JEAN-CLAUDE GALLOTTA: La pensée de Camus, qui exprime bien le tiraillement entre, je dirais, « l’honnêteté humaniste » et les exigences du combat politique, m’a toujours paru essentielle. Elle est ainsi très proche de nous. Ce n’est pas une pensée qui fait peur. Si elle impressionne, c’est par sa clarté. Il y a peu d’oeuvres qui vous accompagnent comme cela tout au long de la vie. Elle est pour moi ce que Valéry appelait une « philosophie portative ».
COMMENT, ET POURQUOI, AS-TU ÉPROUVÉ AUJOURD’HUI LA NÉCESSITÉ DE FAIRE ENTRER EN CONTACT CE ROMAN ET TA DANSE?
J.-C. G.: Il arrive parfois qu’un projet trouve son origine dans les aléas de la vie de la compagnie.
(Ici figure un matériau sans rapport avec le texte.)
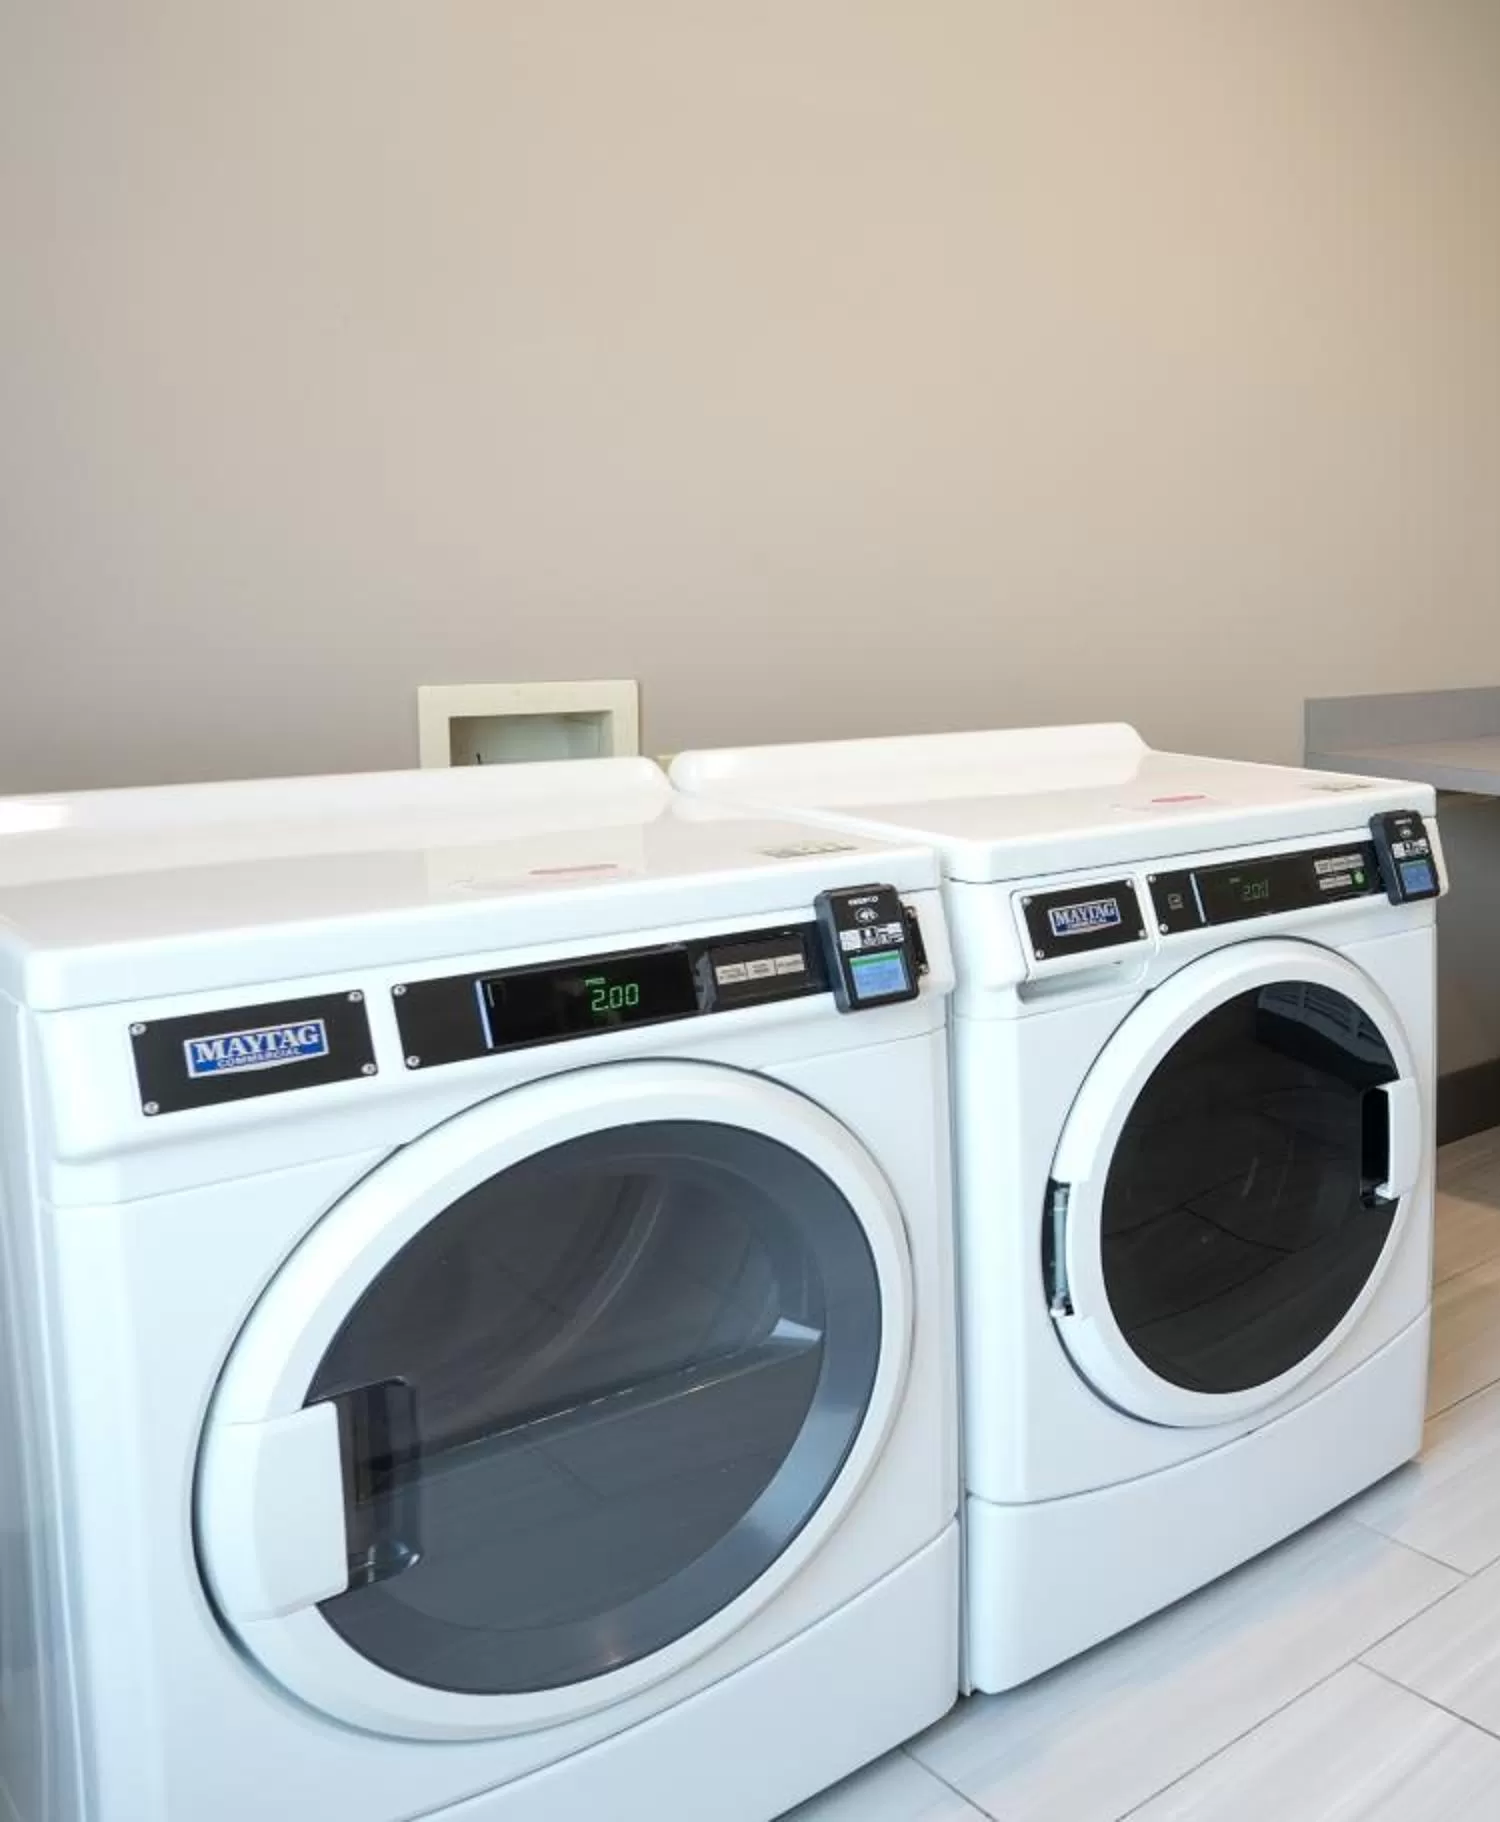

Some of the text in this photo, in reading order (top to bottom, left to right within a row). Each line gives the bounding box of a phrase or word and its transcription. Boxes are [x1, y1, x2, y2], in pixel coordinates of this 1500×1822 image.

Cette saison, entre les différentes tournées, nos trois danseurs permanents (Ximena Figueroa, Thierry Verger, Béatrice Warrand) avaient des moments de liberté. J’avais très envie de faire quelque chose avec eux trois, qui m’accompagnent depuis si longtemps. Et puis, suite au décès de ma mère, en rangeant des papiers, j’ai retrouvé des archives qui concernaient la vie de mes parents en Algérie, la jeunesse de ma mère à Oran. J’ai repensé au livre de Camus et au film que Visconti a réalisé à partir de L’Étranger. J’ai vu là l’occasion d’écrire un spectacle intime, de voir comment de l’écriture littéraire peut provoquer du mouvement dans les corps. Je l’avais déjà fait, avec tes propres textes, dans Blik autour de soi et dans les Chroniques. Et je voudrais continuer. J’aime de plus en plus cultiver et travailler cette curieuse alchimie entre littérature et danse. En relisant L’Étranger, je me suis rendu compte du plaisir que j’avais à offrir une traduction physique aux mots de Camus.
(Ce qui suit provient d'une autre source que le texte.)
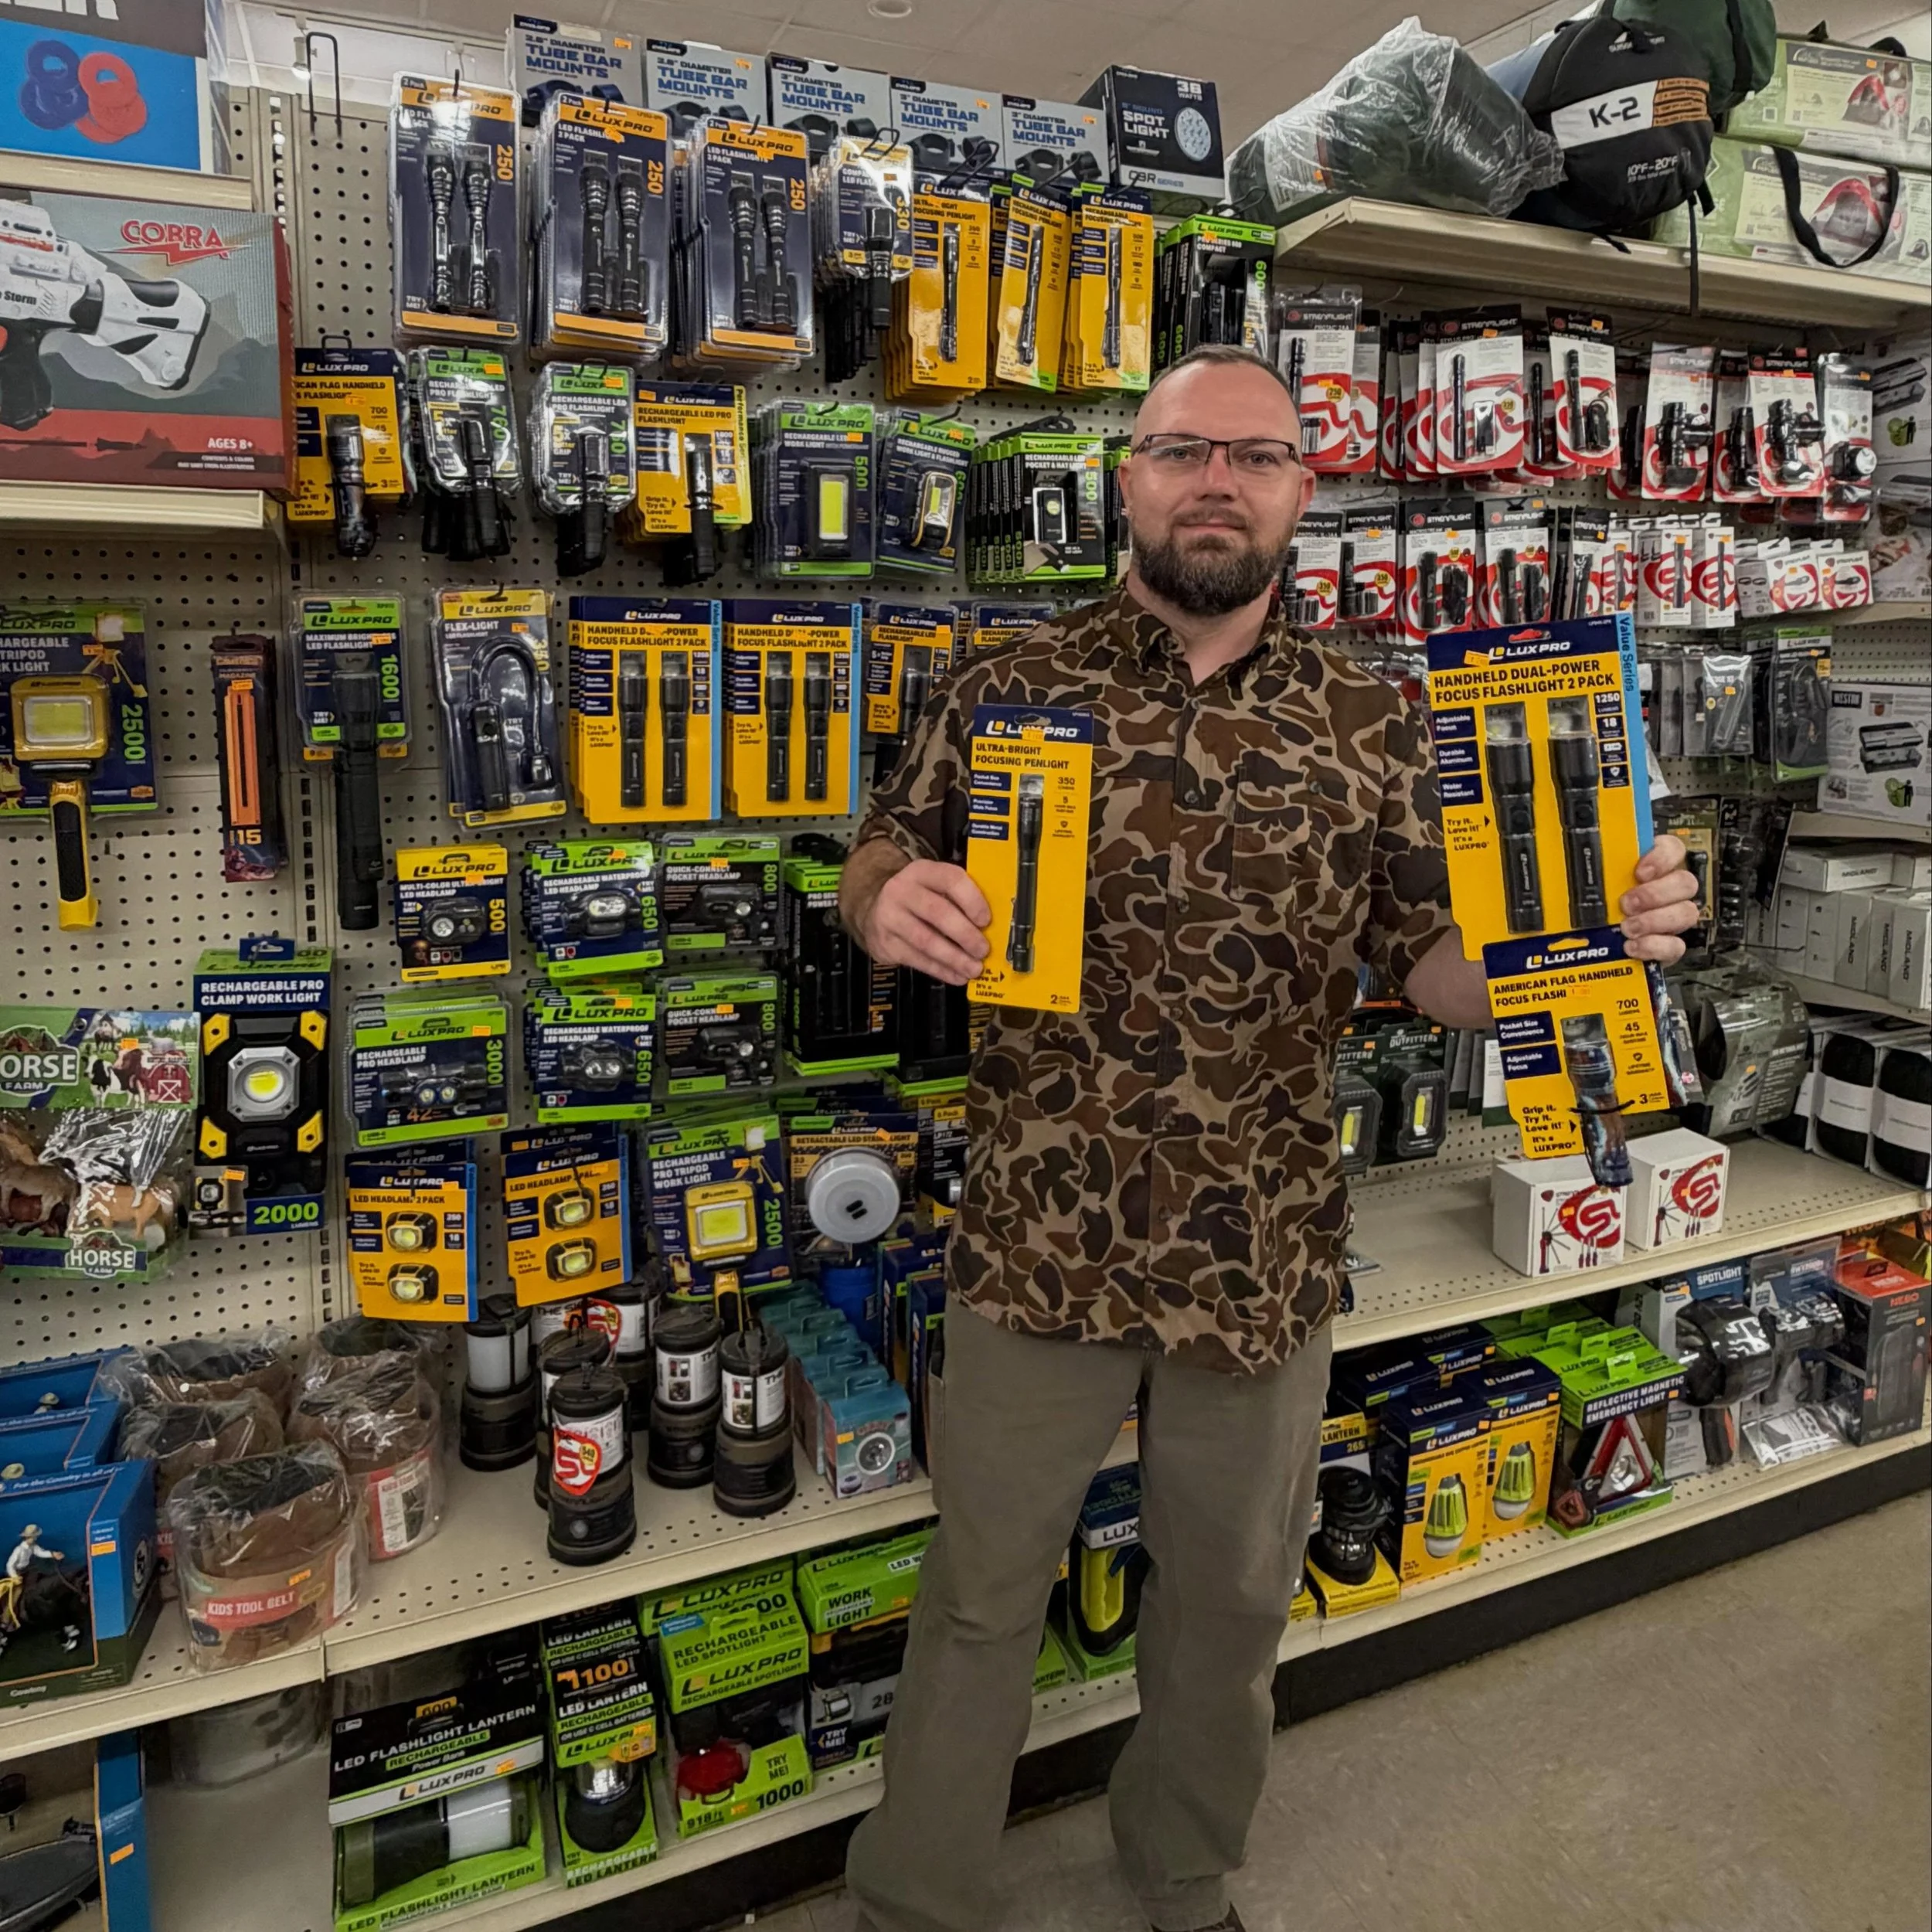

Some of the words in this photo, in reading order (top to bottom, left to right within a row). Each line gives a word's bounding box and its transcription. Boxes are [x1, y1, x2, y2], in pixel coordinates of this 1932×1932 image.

[526, 43, 579, 62] TUBE
[583, 53, 621, 69] BAR
[526, 56, 608, 79] MOUNTS
[658, 66, 708, 83] TUBE
[712, 74, 747, 90] BAR
[794, 75, 842, 89] DIAMETER
[658, 78, 734, 99] MOUNTS
[781, 81, 827, 98] TUBE
[832, 90, 865, 104] BAR
[782, 94, 853, 114] MOUNTS
[913, 95, 957, 107] DIAMETER
[900, 101, 943, 117] TUBE
[947, 108, 978, 122] BAR
[1023, 112, 1066, 124] DIAMETER
[1123, 111, 1165, 126] SPOT
[1589, 97, 1641, 128] K-2
[558, 124, 570, 132] LED
[901, 113, 968, 132] MOUNTS
[1012, 118, 1053, 133] TUBE
[1056, 125, 1085, 138] BAR
[1124, 122, 1169, 138] LIGHT
[565, 133, 585, 142] PACK
[1013, 129, 1076, 146] MOUNTS
[497, 145, 513, 181] 250
[648, 161, 664, 195] 250
[790, 178, 805, 210] 250
[121, 220, 229, 259] COBRA
[1198, 244, 1226, 253] COMPACT
[4, 291, 37, 306] Storm
[552, 396, 610, 406] RECHARGEABLE
[638, 407, 699, 417] RECHARGEABLE
[736, 389, 744, 442] Performance
[208, 438, 236, 448] AGES
[784, 433, 835, 441] RECHARGEABLE
[855, 455, 868, 488] 500
[1085, 472, 1098, 501] 500
[444, 621, 498, 631] FLEX-LIGHT
[852, 605, 860, 631] Value
[306, 634, 346, 642] MAXIMUM
[588, 627, 638, 635] HANDHELD
[738, 628, 784, 637] HANDHELD
[1620, 618, 1631, 651] Value
[323, 641, 373, 649] FLASHLIGHT
[588, 636, 618, 645] FOCUS
[1, 651, 46, 659] TRIPOD
[13, 662, 50, 672] LIGHT
[1434, 671, 1507, 688] HANDHELD
[1511, 660, 1600, 680] DUAL-POWER
[1624, 653, 1634, 692] Series
[381, 654, 399, 700] 1600
[1436, 688, 1480, 702] FOCUS
[1483, 679, 1564, 698] FLASHLIGHT
[1568, 679, 1575, 689] 2
[1578, 673, 1614, 687] PACK
[1596, 694, 1620, 702] 1250
[1436, 715, 1470, 724] Adjustable
[1604, 718, 1617, 727] 18
[121, 704, 145, 760] 2500
[976, 743, 1042, 754] ULTRA-BRIGHT
[975, 755, 1021, 766] FOCUSING
[1025, 759, 1069, 769] PENLIGHT
[236, 829, 261, 845] 15
[544, 877, 597, 887] RECHARGEABLE
[763, 864, 777, 892] 800
[415, 889, 456, 898] HEADLAMP
[489, 899, 505, 931] 500
[640, 896, 658, 930] 650
[1903, 930, 1912, 980] MIDLAND
[202, 981, 297, 993] RECHARGEABLE
[299, 980, 324, 990] PRO
[1494, 980, 1547, 994] AMERICAN
[1550, 975, 1576, 985] FLAG
[1579, 966, 1633, 981] HANDHELD
[202, 995, 243, 1005] CLAMP
[247, 995, 284, 1004] WORK
[287, 992, 321, 1002] LIGHT
[1051, 995, 1057, 1004] 2
[1496, 995, 1529, 1006] FOCUS
[1617, 998, 1638, 1009] 700
[543, 1027, 599, 1036] RECHARGEABLE
[601, 1025, 648, 1034] WATERPROOF
[1499, 1021, 1523, 1029] Pocket
[1625, 1022, 1640, 1032] 45
[1501, 1029, 1544, 1039] Convenience
[357, 1046, 427, 1060] RECHARGEABLE
[1507, 1053, 1543, 1063] Adjustable
[357, 1060, 376, 1069] PRO
[378, 1055, 426, 1066] HEADLAMP
[486, 1040, 503, 1084] 3000
[1640, 1094, 1647, 1104] 3
[653, 1151, 726, 1169] RECHARGEABLE
[654, 1169, 673, 1179] PRO
[676, 1165, 709, 1177] TRIPOD
[655, 1179, 682, 1189] WORK
[685, 1173, 712, 1184] LIGHT
[254, 1202, 318, 1224] 2000
[71, 1250, 134, 1270] HORSE
[1696, 1267, 1742, 1285] SPOTLIGHT
[1587, 1391, 1638, 1412] REFLECTIVE
[1641, 1376, 1685, 1395] MAGNETIC
[1587, 1402, 1638, 1422] EMERGENCY
[1641, 1393, 1665, 1407] LIGHT
[1323, 1427, 1359, 1442] LANTERN
[208, 1602, 232, 1615] KIDS
[236, 1597, 264, 1612] TOOL
[267, 1592, 294, 1607] BELT
[829, 1588, 871, 1607] WORK
[828, 1607, 871, 1628] LIGHT
[674, 1616, 797, 1659] RECHARGEABLE
[676, 1655, 698, 1668] LED
[701, 1635, 766, 1662] SPOTLIGHT
[681, 1677, 752, 1705] RECHARGEABLE
[754, 1662, 801, 1683] SPOTLIGHT
[560, 1702, 585, 1717] LED
[335, 1755, 365, 1771] LED
[370, 1726, 463, 1762] FLASHLIGHT
[468, 1705, 536, 1732] LANTERN
[389, 1733, 486, 1767] RECHARGEABLE
[766, 1753, 786, 1767] TRY
[769, 1765, 789, 1779] ME!
[757, 1780, 804, 1809] 1000
[686, 1813, 711, 1828] 918
LE SPECTACLE EST COMPOSÉ ÉGALEMENT DE PROJECTIONS DE FILMS, DE SIMPLES IMAGES OU D’EXTRAITS DU ROMAN LUS EN VOIX OFF. QUEL EST LE RÔLE DE CES IMAGES PROJETÉES?
J.-C. G.: Ce sont des objets décalés, poétiques, détournés, qui sont nés de ma lecture du livre. C’est mon « journal d’images », des fils invisibles et imprévisibles qui se tendent entre ma lecture et mon imaginaire, nourri aussi bien d’un bout de film de famille que d’une séquence d’un film de Tarkovski ou de Fellini. Je veux également montrer que toute séquence, quel que soit le film auquel elle appartient, est obligatoirement transfigurée – et peut donc être relue différemment – par le simple fait d’être située dans un autre contexte.
ON A SOUVENT DIT QUE TON TRAVAIL OSCILLAIT ENTRE ABSTRACTION ET FIGURATION. PLUS PRÉCISÉMENT, NE POURRAIT-ON PAS DIRE QU’IL BALANCE DE PLUS EN PLUS ENTRE ABSTRACTION ET AUTOBIOGRAPHIE?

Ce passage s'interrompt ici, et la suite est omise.